Mais, il y a plus. Non contents d’affirmer au monde leur puissance économique, politique, militaire etc. les Etats-Unis revendiquent le leadership moral du monde. Par un manichéisme puisé aux sources religieuses de l’origine de la nation, le monde leur paraît divisé en deux camps. D’un côté, les bons; de l’autre, les méchants. Vu qu’ils se perçoivent comme le peuple prédestiné pour incarner les bons, ils se croient investis de la légitimité nécessaire pour imposer leur hégémonie et servir de guide aux autres peuples sur la route du bien. Cela faisait dire à Donald Cuccioleta : " Les Etats-Unis, la seule hyperpuissance de la planète ne semblent plus vouloir se contenter de jouer au policier international, mais plutôt, veulent s’ériger comme le seul vrai gardien de la conscience morale planétaire. "

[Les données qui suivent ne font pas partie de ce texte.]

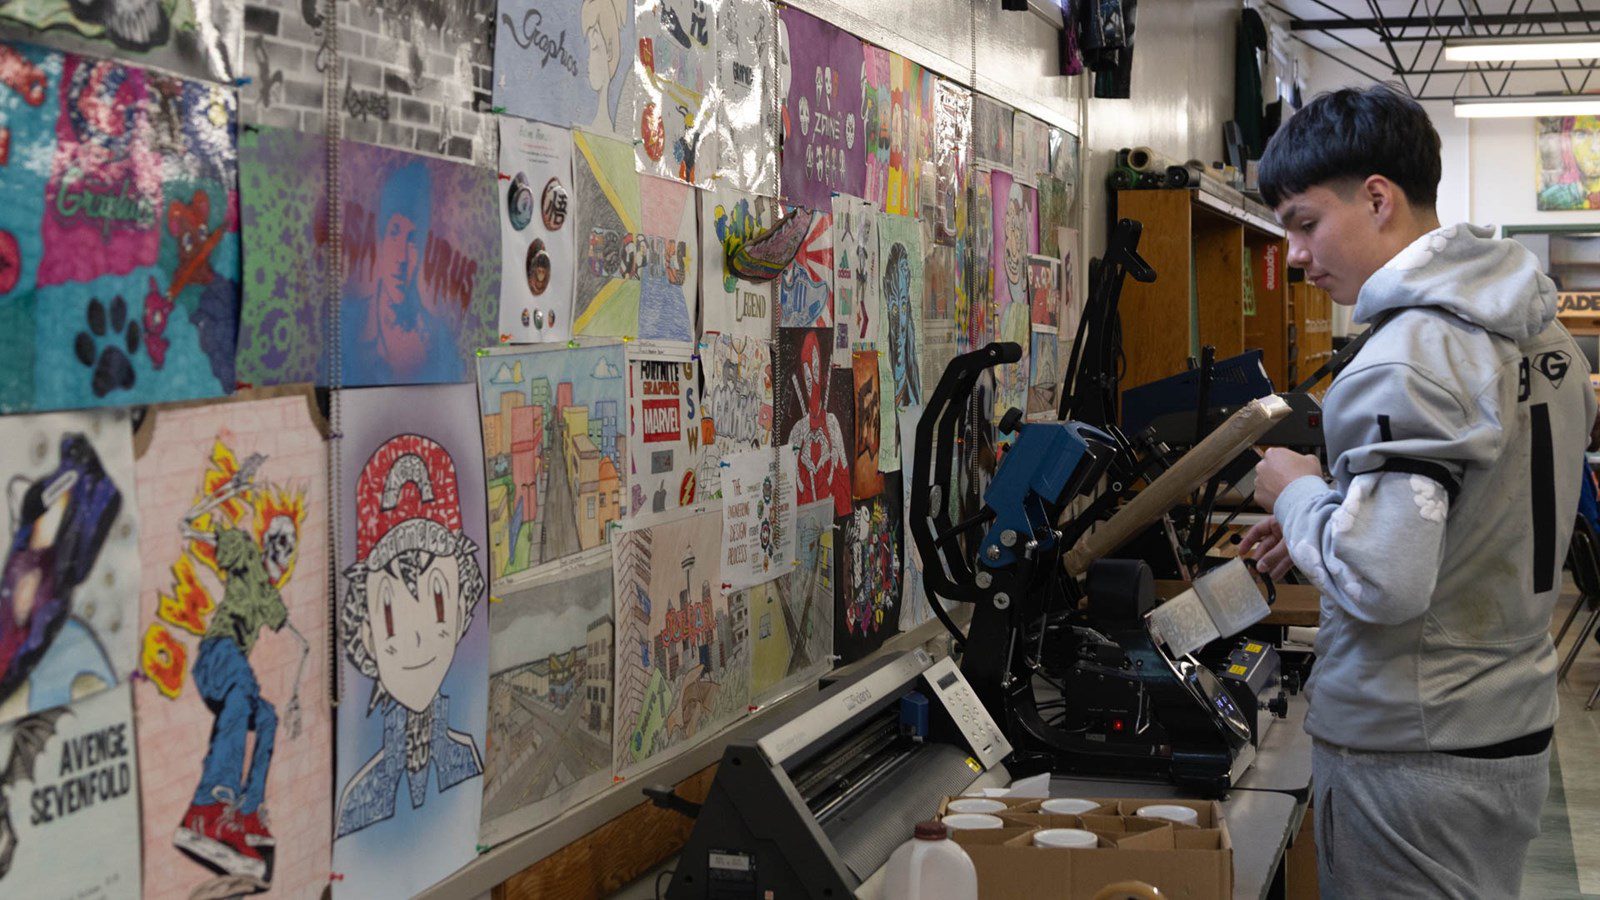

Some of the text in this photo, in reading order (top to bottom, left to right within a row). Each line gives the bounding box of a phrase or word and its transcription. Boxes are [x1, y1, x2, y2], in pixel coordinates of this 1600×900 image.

3—La géopolitique de la satisfaction des besoins

Si religieux que soient les Etats-Unis et malgré leur affirmation des principes de générosité hérités des théories de John Locke sur la défense des droits naturels dans leur déclaration d’indépendance, aucun pays plus qu’eux, n’a subordonné à ce point, la défense des valeurs morales à celle de la défense de ses intérêts individuels et collectifs. On pourrait écrire en lettres de sang une histoire des Etats-Unis en relatant les actes de barbarie par lesquels, au nom de leurs intérêts, la puissance de cette nation s’est édifiée au détriment des droits naturels et moraux des autres peuples.

 
Pourtant, l’affirmation de leurs intérêts depuis les vingt dernières années, dépasse de loin ce qui a été enregistré auparavant, du moins en termes d’extension planétaire, sinon en termes de conséquences humanitaires. Pour s’en convaincre, il n’est que de considérer leurs rapports avec les peuples démunis de la terre sur le plan des besoins essentiels de ces derniers (besoins alimentaires, de santé, d’éducation etc.) c’est-à-dire, la confrontation de ces besoins avec les intérêts commerciaux de Washington.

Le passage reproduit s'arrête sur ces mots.